**What the exercise asks:** Within the records below, repeat each line exactly but keep every picture out of the copy.

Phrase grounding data

*** Begin section ***

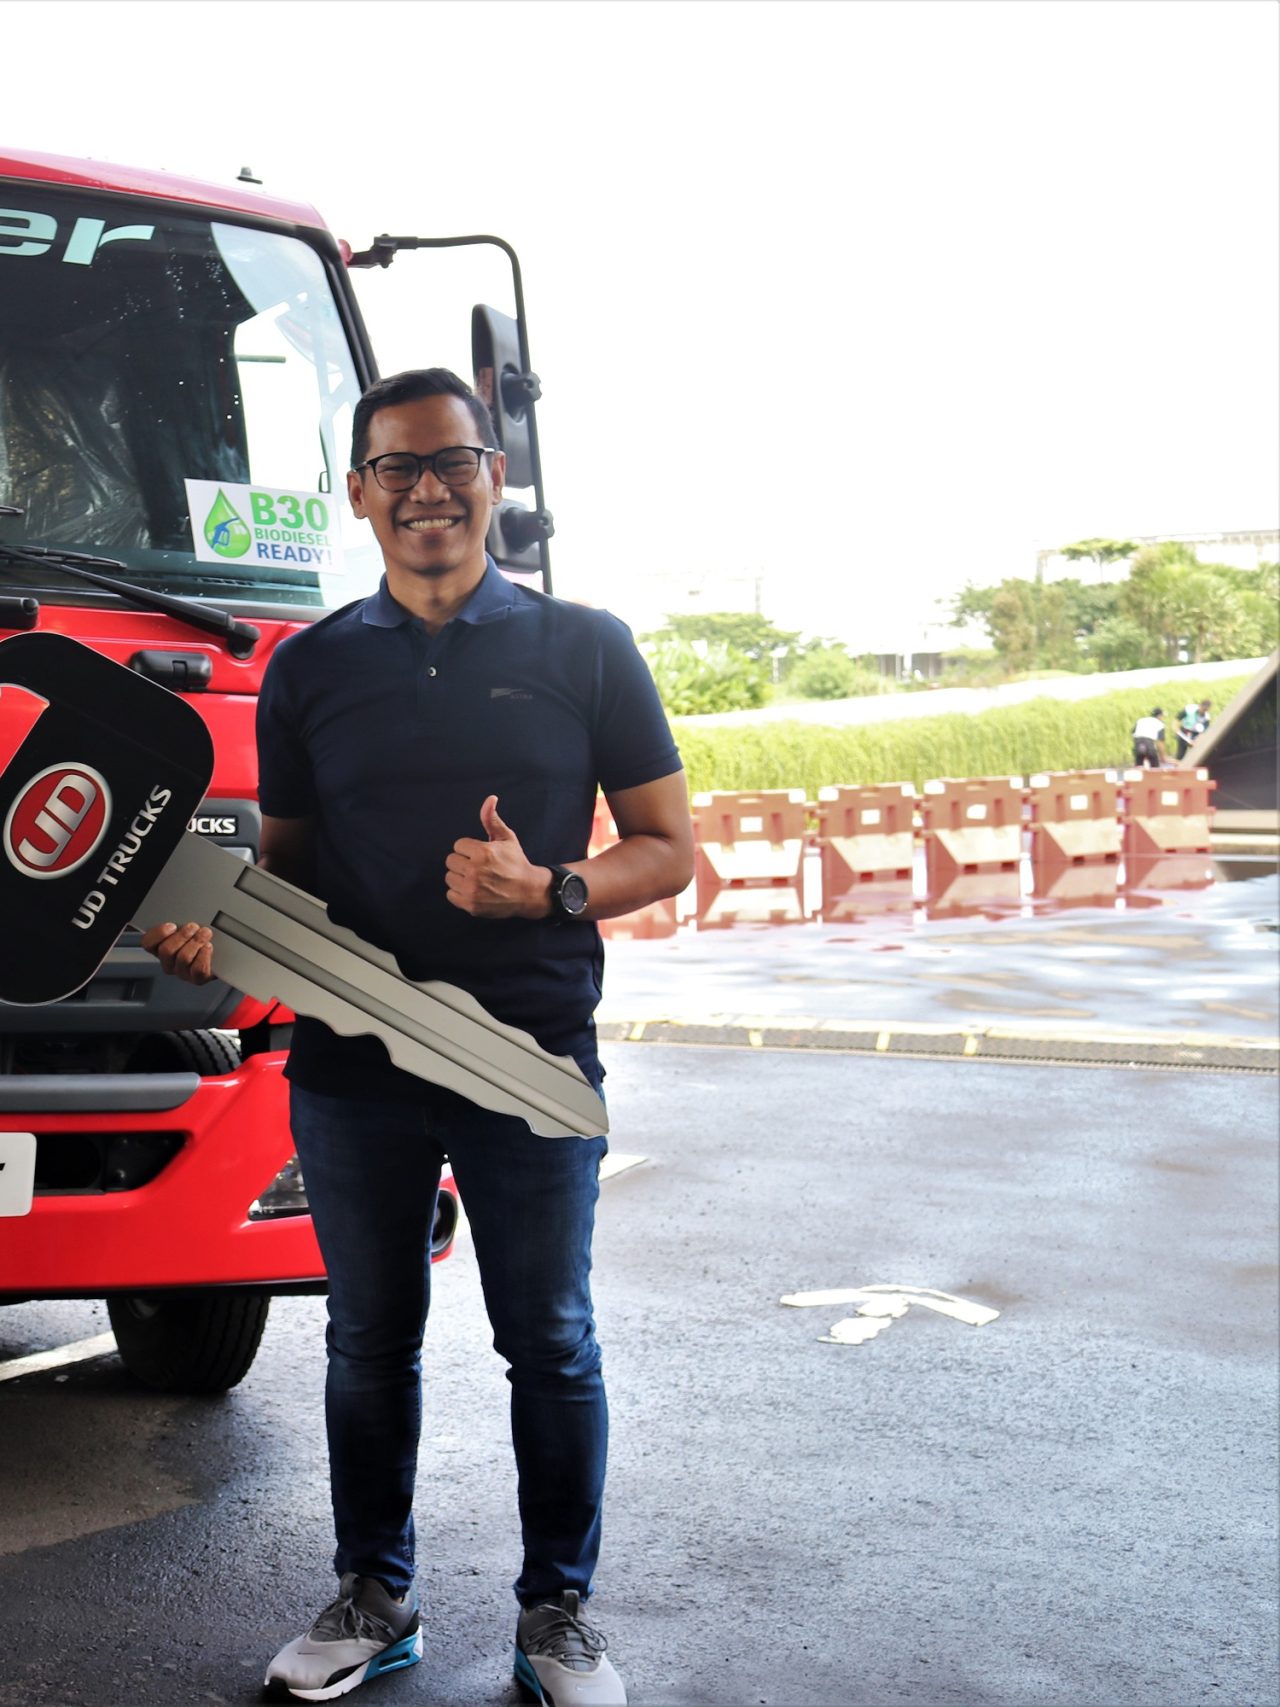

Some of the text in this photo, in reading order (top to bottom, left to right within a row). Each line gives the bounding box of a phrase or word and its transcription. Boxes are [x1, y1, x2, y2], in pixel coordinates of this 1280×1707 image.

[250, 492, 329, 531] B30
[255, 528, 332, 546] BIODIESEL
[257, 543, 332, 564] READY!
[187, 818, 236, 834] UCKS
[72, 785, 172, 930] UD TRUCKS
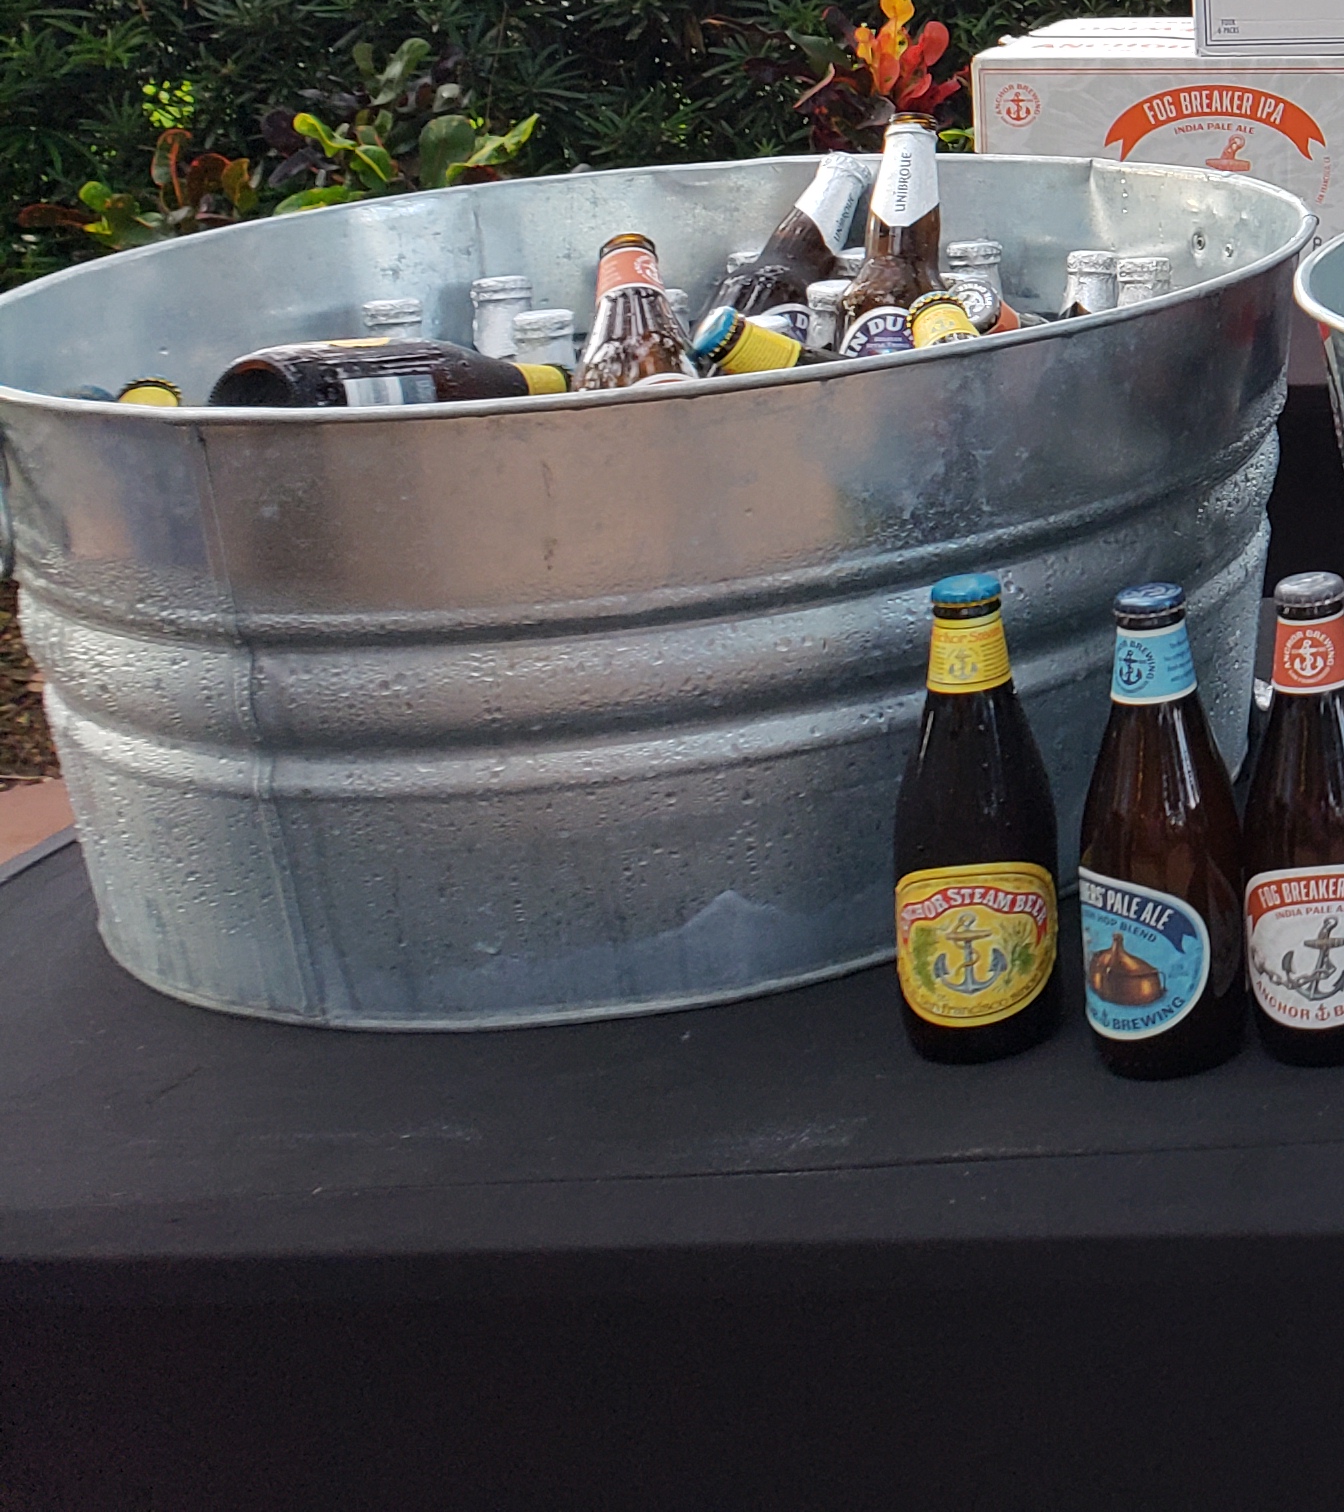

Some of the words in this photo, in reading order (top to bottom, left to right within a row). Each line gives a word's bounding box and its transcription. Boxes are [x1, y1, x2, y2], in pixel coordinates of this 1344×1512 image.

*** End section ***

**Exercise output:**
Some of the text in this photo, in reading order (top to bottom, left to right within a row). Each line gives the bounding box of a phrase or word and its transcription. Boxes are [x1, y1, x2, y2], in pixel coordinates of this 1280×1707 image.

[250, 492, 329, 531] B30
[255, 528, 332, 546] BIODIESEL
[257, 543, 332, 564] READY!
[187, 818, 236, 834] UCKS
[72, 785, 172, 930] UD TRUCKS

Some of the words in this photo, in reading order (top to bottom, left to right within a row). Each line gives a word's bounding box and its transcription. Boxes are [x1, y1, x2, y2], in pixel coordinates of this 1344×1512 image.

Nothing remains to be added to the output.